Those who are under the impression that soft targets are associated only with terrorists are a terribly misinformed lot. Soft targets are those who do not have the power to resist force and violence – usually, the term is used to mean defenseless persons like the aged, the women and children. Also, areas where no one would ever dream of exploding a bomb- like a park.

Soft targets to ordinary persons of my disposition are those goodies that beckon you from the showcases – the sweets that entice you with their heavenly colors, divine flavors and assorted shapes and sizes. Some of them are hard on the exterior but they melt in your mouth. Others are soft, swim in the large bowl of syrup waiting to be gently lifted and transferred to a plate to soothe the yearnings of the palate. Indians love sweets and the variety that is available throughout the country can vie for world records. Each area has its preferences and, even though you get rosogollas in Delhi and Mumbai and Bangalore and Hyderabad, you cannot get the typical spongy feel of the products of Bengal. Similarly for other products that are made out of milk – the procedure to convert milk into delicious mouth watering soft targets enjoy exclusive proprietary rights. As in other fields, copies are no match for the originals.

Another popular soft target is the chocolate – the branded ones are a must when someone by the name of Pappu passes his examinations. These also come in all shapes and sizes from the tiny gems to the really soft centered éclairs to the bar chocolates. During festivities these come gift wrapped in attractive cartons.

The ice creams hold center stage when it comes to soft targets – from small cups to cones to bars and the family packs, there are many options. These have entered marriage venues also and are served as desserts.

Thursday, October 07, 2004

indian fast foods

Indians love to fast – festivities are an integral part of an Indian’s life and fasting is normally associated with any festivity. The reason is really very simple. On the excuse of fasting, one is able to taste any number of delicacies!!

However, fast food has got no relevance to fasting.

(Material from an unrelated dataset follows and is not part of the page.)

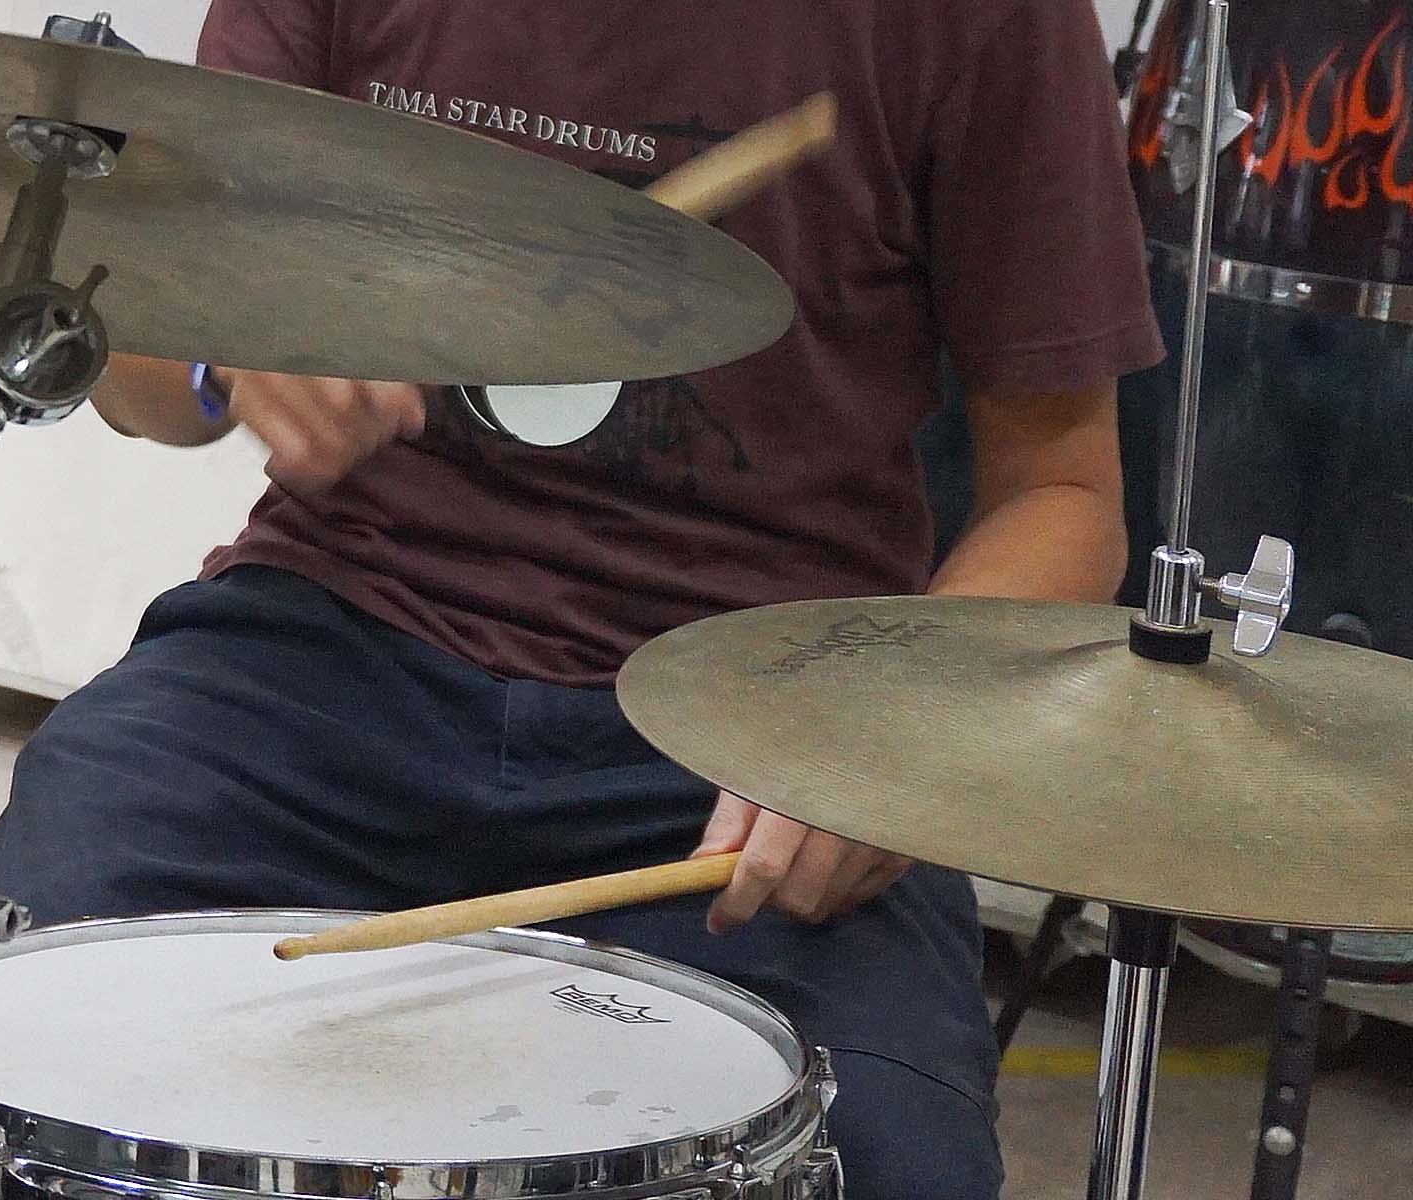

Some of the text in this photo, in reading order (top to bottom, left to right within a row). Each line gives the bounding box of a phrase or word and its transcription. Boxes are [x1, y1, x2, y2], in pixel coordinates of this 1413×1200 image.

When one broaches the subject of fast food, one normally visualizes pizzas, hamburgers and coke because fast food is supposed to be a Western concept, an indication of a fast lifestyle. How poor our knowledge is!! Fast foods were known to Bengalis as far back as the fifties – there used to be a tele-bhaja shop near Beadon Street where people used to stand in queue to wait his turn of the deliciously hot, crisp tele-bhaja made of thin slices of brinjal or potatoes dipped in a batter of besan. The people standing in the queue would be from six to sixty years of age, men and women alike. It was rumored that the oil used to fry these delicacies was never changed – when the level became low, some more oil was just added to top up the level! The special taste of these tele-bhajas was attributable to this singular factor – that is what people say!! This is not to belittle the moghlai parathas and kaviraji cutlets which used to hold centre stage in the times when people still patronized the cinemas.

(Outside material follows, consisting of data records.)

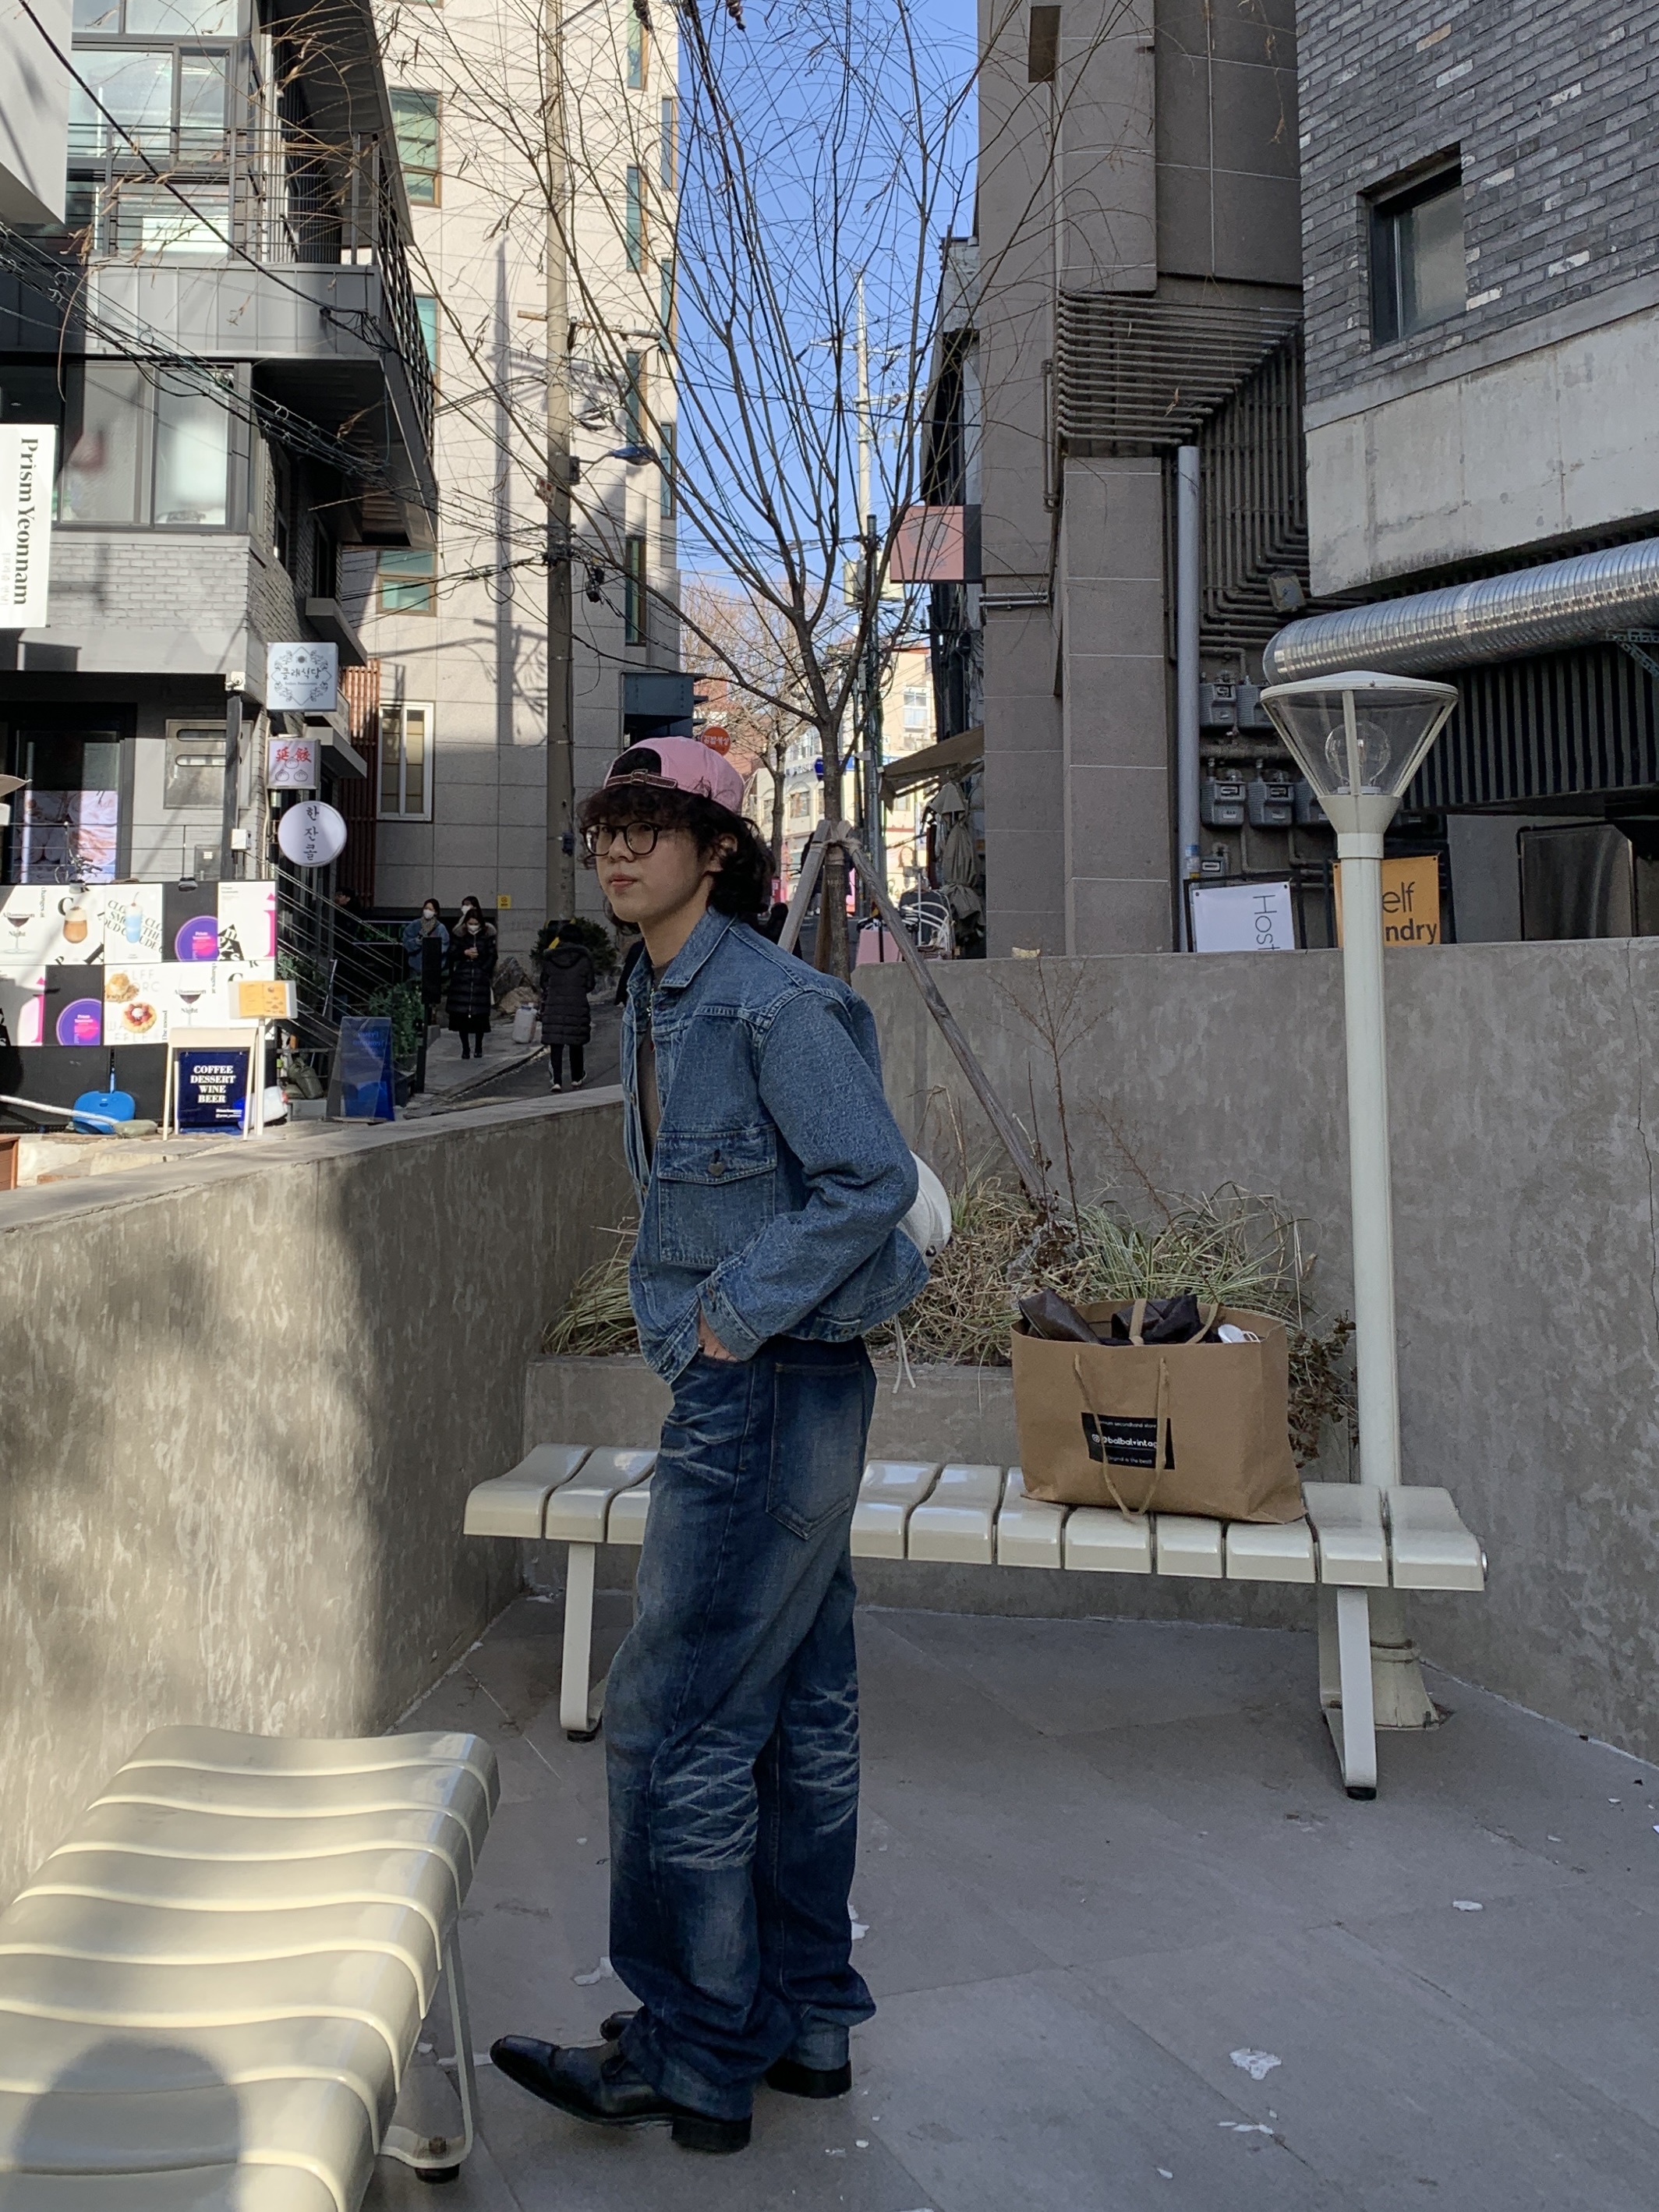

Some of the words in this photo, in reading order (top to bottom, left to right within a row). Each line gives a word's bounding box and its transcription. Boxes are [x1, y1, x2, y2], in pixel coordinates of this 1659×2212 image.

[19, 437, 39, 503] Prism
[13, 504, 36, 605] Yeonnam
[1382, 881, 1416, 914] elf
[1385, 918, 1438, 945] ndry
[193, 1065, 234, 1074] COFFEE
[189, 1074, 237, 1084] DESSERT
[198, 1085, 227, 1093] WINE
[197, 1095, 226, 1103] BEER

Then there are the singaras and the jilipis specific to the Bengalis. In other parts of the country, singaras are better known as samosas and jilipis as jilebis. The only difference is that in the Bengali culture, both these items are normally found in the breakfast menu and are seldom prepared after nine in the morning! The reason is not very far to discover – the fast food menu of Bengalis revolve around the umpteen plus one roadside stalls set up at nearly every street corner. A very practical method of tackling mass scale unemployment, each stall owner manages to break even and earn a reasonable amount of profit. They market various types of rolls – the egg roll, chicken roll, mutton roll along with Chinese dishes like noodles and chili chicken. Variety is the spice, so the saying goes, and the Bengalis have mastered the art of serving innumerable types of fast foods. With hundreds and thousand of hungry mouths to feed, they seldom face a shortage of customers. Whether it is a sultry summer evening or a wet monsoonish one, fast food is always in demand. The ingredients used in all such preparations, when mixed in the correct proportion and fried, emit such an out-of-the-world aroma that you would literally stop in your tracks to taste the final product. Our TV chefs would give millions to learn these secrets!!

Nowadays, the southern versions of fast foods are also making inroads into the cosmopolitan culture of large cities. Idli, dosa, uthappam, urid wada and upma are just a few names that have become popular in Bengali homes as well as in Punjabi homes. Cutting into a three inch diameter rawa idli with a generous topping of cashew nuts and a spoonful of pure ghee gradually vanishing into its innumerable pores is an experience by itself. The urid wada (spongy, like the soya bean doughnuts I had once tasted in an American exhibition in Calcutta in the fifties) comes in two versions – one, the dry type and the other with an accompanying concoction called sambhar in which tiny bits of pumpkin, onion, tomato, drumstick and brinjal float in a gravy of pulse and tamarind juice garnished with ground coconut.

In the north, the vote invariably goes to chats, golguppas, moong-ki-halwa and different types of pakoras. I specially remember the pakoras made of cauliflower. Large chunks of cauliflower would be dipped in a batter of besan and deep fried in a really large container. If you tasted one, you would certainly long for another – kya kare, control nehi hota! Moong-ki-halwa is another favorite of the north – if prepared with an abundance of ghee and garnished with cashew nuts and kish-mish, it converts into a dish fit only for the Kings. I had the pleasure of tasting the delicacy in a roadside stall in Delhi in the seventies and the taste still lingers on in my palate. Similar is the case with the chana-batura. A dish patronized by the north, I was pleasantly surprised to discover it on the menu-card of Kamat Hotel in Bangalore!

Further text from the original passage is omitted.